Task to carry out.
Every record is to be printed exactly as written, and any picture in it is skipped.

....................

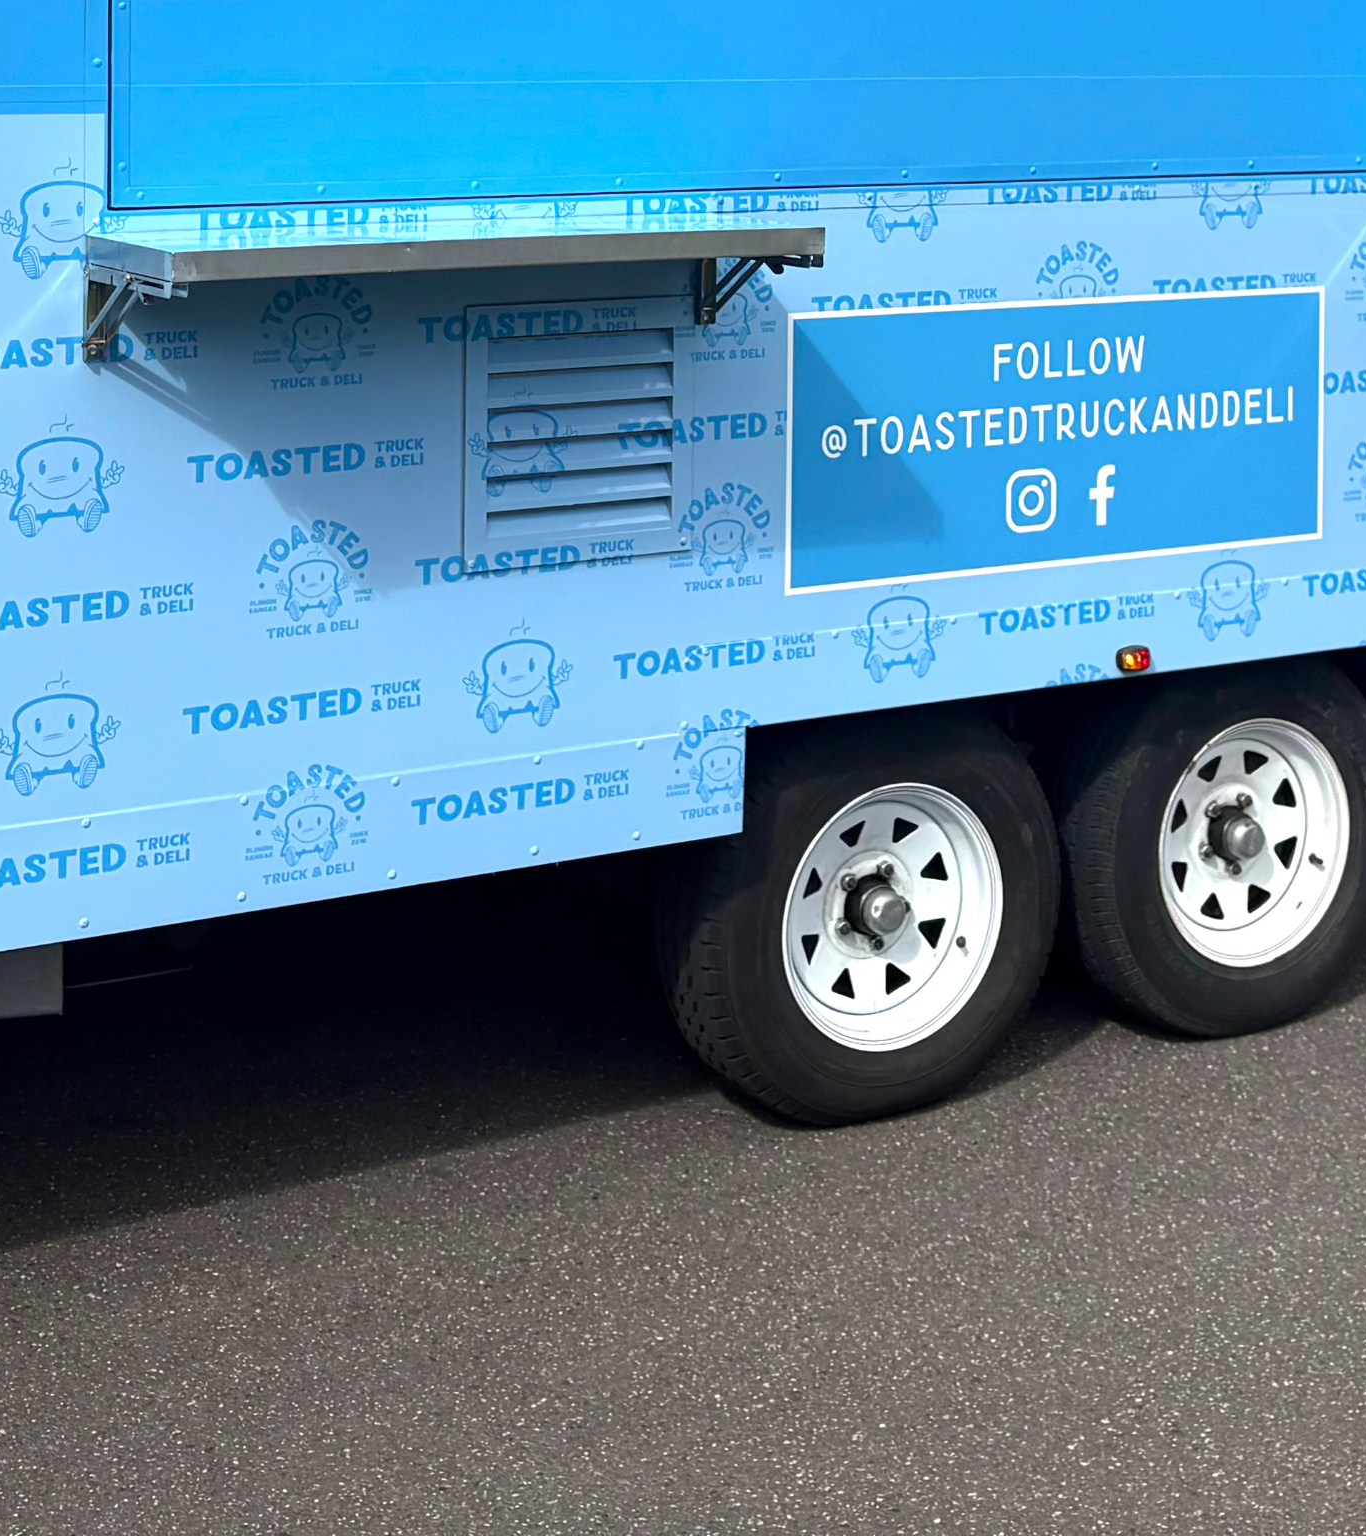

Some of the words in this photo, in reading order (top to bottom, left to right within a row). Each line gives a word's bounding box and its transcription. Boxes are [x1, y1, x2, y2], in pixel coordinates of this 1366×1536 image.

[1036, 241, 1118, 285] TOASTED
[260, 273, 372, 325] TOASTED
[144, 329, 198, 345] TRUCK
[418, 309, 584, 344] TOASTED
[162, 345, 198, 360] DELI
[994, 336, 1144, 381] FOLLOW
[822, 386, 1293, 458] @TOASTEDTRUCKANDDELI
[375, 438, 424, 452] TRUCK
[187, 443, 365, 483] TOASTED
[391, 453, 424, 467] DELI
[678, 483, 770, 533] TOASTED
[256, 520, 369, 574] TOASTED
[588, 539, 634, 554] TRUCK
[415, 545, 581, 585] TOASTED
[140, 583, 193, 599] TRUCK
[140, 603, 151, 616] &
[157, 598, 193, 614] DELI
[978, 599, 1111, 635] TOASTED
[266, 624, 312, 639] TRUCK
[330, 619, 359, 632] DELI
[613, 639, 765, 679] TOASTED
[371, 679, 420, 696] TRUCK
[183, 688, 362, 734] TOASTED
[387, 694, 420, 710] DELI
[584, 769, 628, 785] TRUCK
[253, 764, 365, 821] TOASTED
[411, 776, 575, 825] TOASTED
[598, 783, 629, 799] DELI
[137, 833, 190, 851] TRUCK
[136, 855, 148, 868] &
[154, 848, 190, 865] DELI
[262, 869, 308, 885] TRUCK
[326, 862, 355, 876] DELI

....................

Exercise solution.
Some of the words in this photo, in reading order (top to bottom, left to right within a row). Each line gives a word's bounding box and its transcription. Boxes are [x1, y1, x2, y2], in pixel coordinates of this 1366×1536 image.

[1036, 241, 1118, 285] TOASTED
[260, 273, 372, 325] TOASTED
[144, 329, 198, 345] TRUCK
[418, 309, 584, 344] TOASTED
[162, 345, 198, 360] DELI
[994, 336, 1144, 381] FOLLOW
[822, 386, 1293, 458] @TOASTEDTRUCKANDDELI
[375, 438, 424, 452] TRUCK
[187, 443, 365, 483] TOASTED
[391, 453, 424, 467] DELI
[678, 483, 770, 533] TOASTED
[256, 520, 369, 574] TOASTED
[588, 539, 634, 554] TRUCK
[415, 545, 581, 585] TOASTED
[140, 583, 193, 599] TRUCK
[140, 603, 151, 616] &
[157, 598, 193, 614] DELI
[978, 599, 1111, 635] TOASTED
[266, 624, 312, 639] TRUCK
[330, 619, 359, 632] DELI
[613, 639, 765, 679] TOASTED
[371, 679, 420, 696] TRUCK
[183, 688, 362, 734] TOASTED
[387, 694, 420, 710] DELI
[584, 769, 628, 785] TRUCK
[253, 764, 365, 821] TOASTED
[411, 776, 575, 825] TOASTED
[598, 783, 629, 799] DELI
[137, 833, 190, 851] TRUCK
[136, 855, 148, 868] &
[154, 848, 190, 865] DELI
[262, 869, 308, 885] TRUCK
[326, 862, 355, 876] DELI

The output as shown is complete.